The building has a square ground plan comprising three galleries, at the intersections of which there are two semi-spherical domes and a very well-kept interior garden, with beautiful arcades and stained glass windows which give onto the galleries. On each gallery there is a central door leading to the garden. Entrance to the building is through a square hallway located in the middle of the Eastern façade, at the ends of which are situated the two domes that project over a geometrical body which concludes with a pediment.


Arquería de la galería Norte y jardín interior
Series of arches in the North gallery and interior garden.
Alzado del proyecto original de F. Arbós de las tres fachadas exteriores que constituyen el claustro
Elevation of the original design by F. Arbós of the three exterior façades constituting the cloister.

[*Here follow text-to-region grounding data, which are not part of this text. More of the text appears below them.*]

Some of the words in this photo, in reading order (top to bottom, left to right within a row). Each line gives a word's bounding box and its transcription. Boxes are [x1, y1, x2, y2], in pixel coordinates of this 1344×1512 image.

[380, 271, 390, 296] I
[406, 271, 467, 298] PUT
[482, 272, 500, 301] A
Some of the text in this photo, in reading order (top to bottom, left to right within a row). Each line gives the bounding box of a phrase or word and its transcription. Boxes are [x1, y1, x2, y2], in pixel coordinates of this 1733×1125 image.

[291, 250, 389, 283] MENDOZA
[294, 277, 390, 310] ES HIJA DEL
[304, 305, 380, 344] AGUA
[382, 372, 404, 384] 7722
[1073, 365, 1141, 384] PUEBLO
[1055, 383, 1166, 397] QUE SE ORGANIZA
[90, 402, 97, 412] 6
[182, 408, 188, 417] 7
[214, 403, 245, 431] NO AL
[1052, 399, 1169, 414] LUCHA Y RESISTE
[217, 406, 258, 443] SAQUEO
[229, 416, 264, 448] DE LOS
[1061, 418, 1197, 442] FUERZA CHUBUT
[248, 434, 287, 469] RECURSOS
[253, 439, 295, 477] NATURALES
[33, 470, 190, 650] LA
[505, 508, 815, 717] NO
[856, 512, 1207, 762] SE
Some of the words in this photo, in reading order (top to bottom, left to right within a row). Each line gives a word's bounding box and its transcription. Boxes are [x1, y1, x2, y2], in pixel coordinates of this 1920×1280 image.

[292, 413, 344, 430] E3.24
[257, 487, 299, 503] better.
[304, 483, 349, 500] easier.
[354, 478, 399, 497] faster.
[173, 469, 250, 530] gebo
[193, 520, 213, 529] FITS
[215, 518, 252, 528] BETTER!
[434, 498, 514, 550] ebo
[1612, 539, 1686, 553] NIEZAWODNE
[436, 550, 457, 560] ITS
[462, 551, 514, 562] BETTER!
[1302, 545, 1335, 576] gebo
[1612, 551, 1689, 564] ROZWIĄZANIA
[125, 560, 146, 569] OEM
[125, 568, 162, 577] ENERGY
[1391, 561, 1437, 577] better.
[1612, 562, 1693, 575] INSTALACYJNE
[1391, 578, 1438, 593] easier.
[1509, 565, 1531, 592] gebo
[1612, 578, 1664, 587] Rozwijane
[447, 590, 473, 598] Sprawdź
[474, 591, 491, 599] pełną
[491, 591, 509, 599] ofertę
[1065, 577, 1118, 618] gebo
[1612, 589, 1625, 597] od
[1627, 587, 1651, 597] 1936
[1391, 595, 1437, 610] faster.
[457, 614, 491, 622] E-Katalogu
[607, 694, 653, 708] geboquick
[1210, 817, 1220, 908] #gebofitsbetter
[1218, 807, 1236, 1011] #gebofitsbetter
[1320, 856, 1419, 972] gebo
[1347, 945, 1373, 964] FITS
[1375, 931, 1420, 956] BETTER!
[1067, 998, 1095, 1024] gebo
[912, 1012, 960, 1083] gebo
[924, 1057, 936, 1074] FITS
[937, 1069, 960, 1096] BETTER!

Aspecto del cuerpo que sustenta a la cúpula Sur
View of the section supporting the South dome.
Cúpula Norte vista desde el Paseo de Reina Cristina
North dome seen from the Paseo de Reina Cristina.

The building is surrounded by a garden and a retaining wall along the top of which runs a beautiful iron railing, which encircles and closes off the grounds.

Arbós’ bell-tower (campanile) was also completed in 1898 and, although it has been separated from the cloister building since 1962, it is integrated into the Ramón Andrada school, which was opened in 1970. It comprises a first section with a larger ground plan with an arcade. On this first section the body of the bell-tower, square section and with the same building materials and layout as the pantheon rises. This second section ends with three blind arcades on each side. Above, there are three open arcades with cornice. The tower is completed by a balcony with a balustrade with a simple low section leading onto this balcony, and above it there emerges another section highly decorated with columns and an oculus, ending in the metallic pyramidal chapitel.


La torre-campanario La torre-campanario
The bell-tower (campanile), of great aesthetic beauty, is currently surrounded by school buildings.

The architectural style of the buildings, the constructions techniques and the different nature of the stone materials employed, make of this monumental complex a notable element within late 19th century Madrid architecture. With this project, Fernando Arbós sought to break with the traditional building method and style current in Madrid up to that time. He argued that “in the construction of a church designed as a basilica not only should the use on the exterior of stucco work, paintings, plaster and lime mouldings and all kinds of artificial stone be prescribed: materials should also be employed which, regardless of their shape and simply because their class, lend magnificence to the building. If this occurs on the outside, the marbles, mosaics, bronzes, artistic stained glass windows and al fresco paintings would contribute on the inside to obtaining the magnificence characteristic of a basilica”.